Cuando llegó al Hospital Militar para los chequeos de rigor, William fue recibido como el héroe que es, en medio de aplausos, abrazos y espontáneos que querían tomarse fotos con él. Fue allí donde aprendió Enfermería entre septiembre de 1995 y diciembre de 1996. “Me metí a Enfermería para que me trasladaran y poder conocer Bogotá. Pero aquí descubrí que tenía vocación”, dice, como contando una pilatuna.

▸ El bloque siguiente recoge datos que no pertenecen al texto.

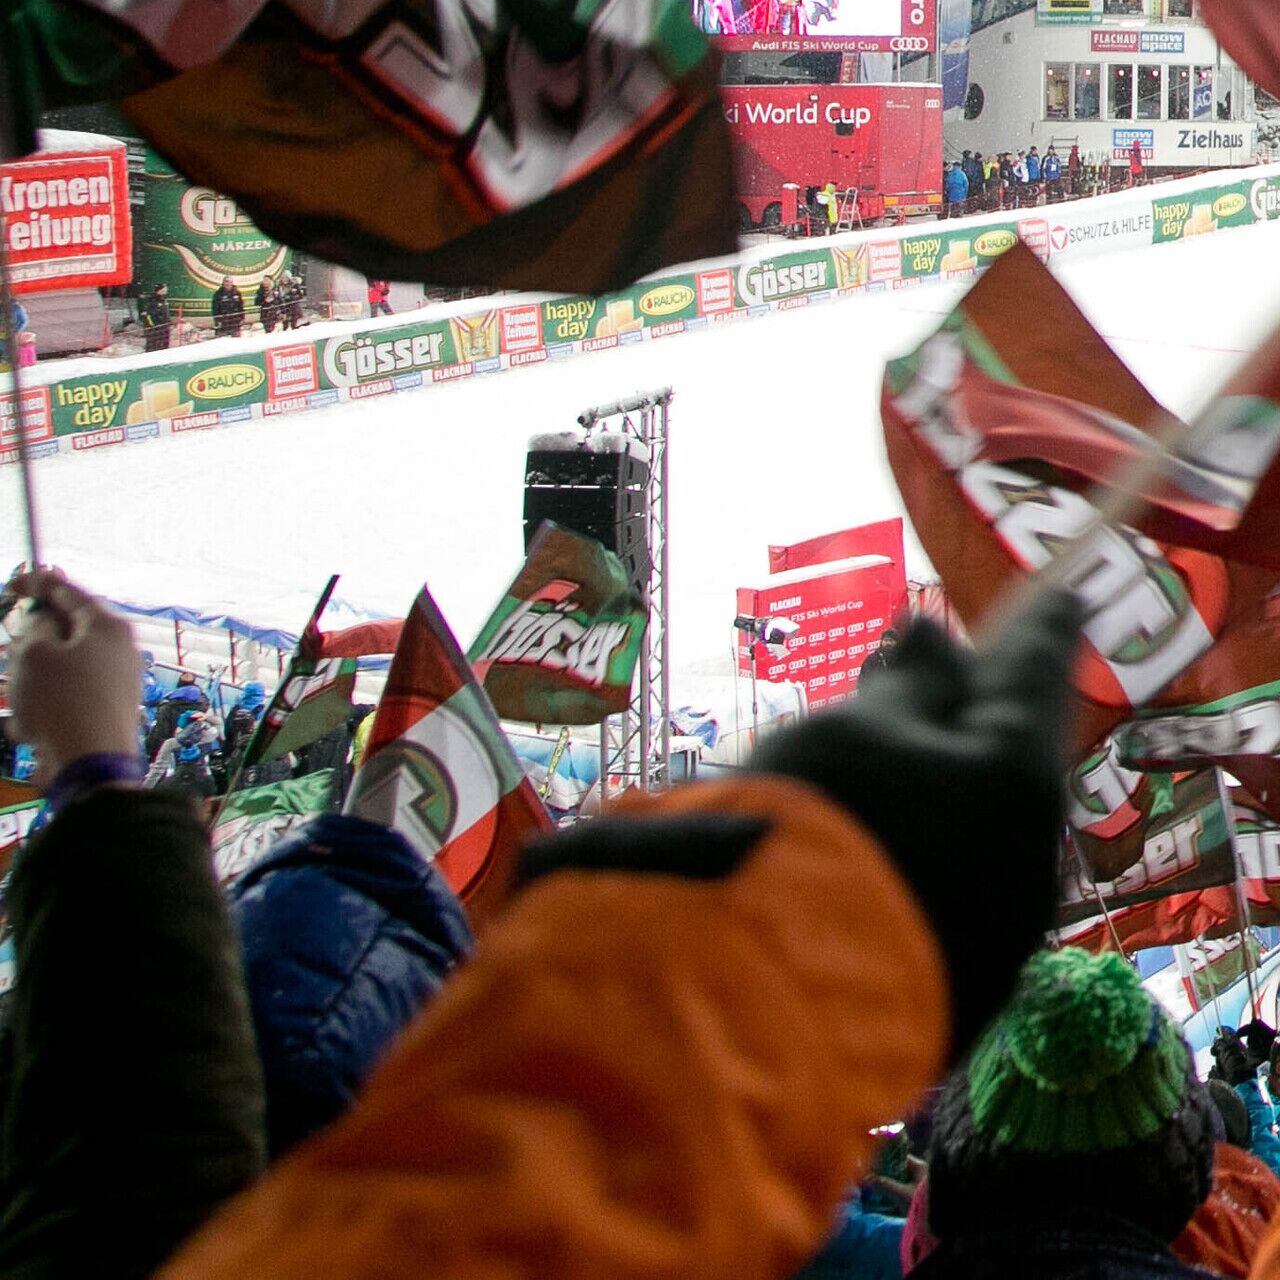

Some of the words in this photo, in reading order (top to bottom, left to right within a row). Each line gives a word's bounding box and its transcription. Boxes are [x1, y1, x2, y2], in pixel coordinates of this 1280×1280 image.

Sus conocimientos fueron decisivos en la selva. Cuando la guerrilla le negaba la medicina a alguno de sus compañeros porque les caía mal, se las ingeniaba para dársela. “Pedía droga para uno que estaba sano, para podérsela dar al enfermo”, cuenta. Pero no siempre pudo ser útil. Uno de esos momentos críticos en que la guerrilla le impidió actuar fue en el parto de Emmanuel. “Yo estaba en el alojamiento de al lado y todos le rogaron a ‘Martín Sombra’ para que yo atendiera a Clara, pero simplemente no quiso”. Y uno de sus pacientes, el capitán Julián Guevara, quién sufría de epilepsia, se enfermó y murió sin los cuidados necesarios luego de que los separaron. Porque, como recuerda, allá nadie vale, ni siquiera Íngrid. Los guerrilleros le decían que: “Si ella no come y se muere, abrimos un hueco y la enterramos. Sin absolutamente ninguna preocupación”. Sólo los últimos meses esto cambió un poco.
Pero considera accesorios estos conocimientos médicos que le permitieron curar a sus compañeros y a él mismo (sufrió tres veces de leishmaniasis en los últimos dos meses). Pues su principal vocación es otra. “Soy militar primero y después enfermero. Mañana me dan armamento y arranco para allá”. Por eso fue una gran satisfacción para él saber que será ascendido al rango de sargento viceprimero.
Por eso, dice con firmeza que no va a descansar hasta que estén libres todos los secuestrados. Sin duda lo logrará, tal vez no desde el campo de batalla, pero sí con el ejemplo moral que ha traído a la tropa, o con la fe que ha despertado en el país.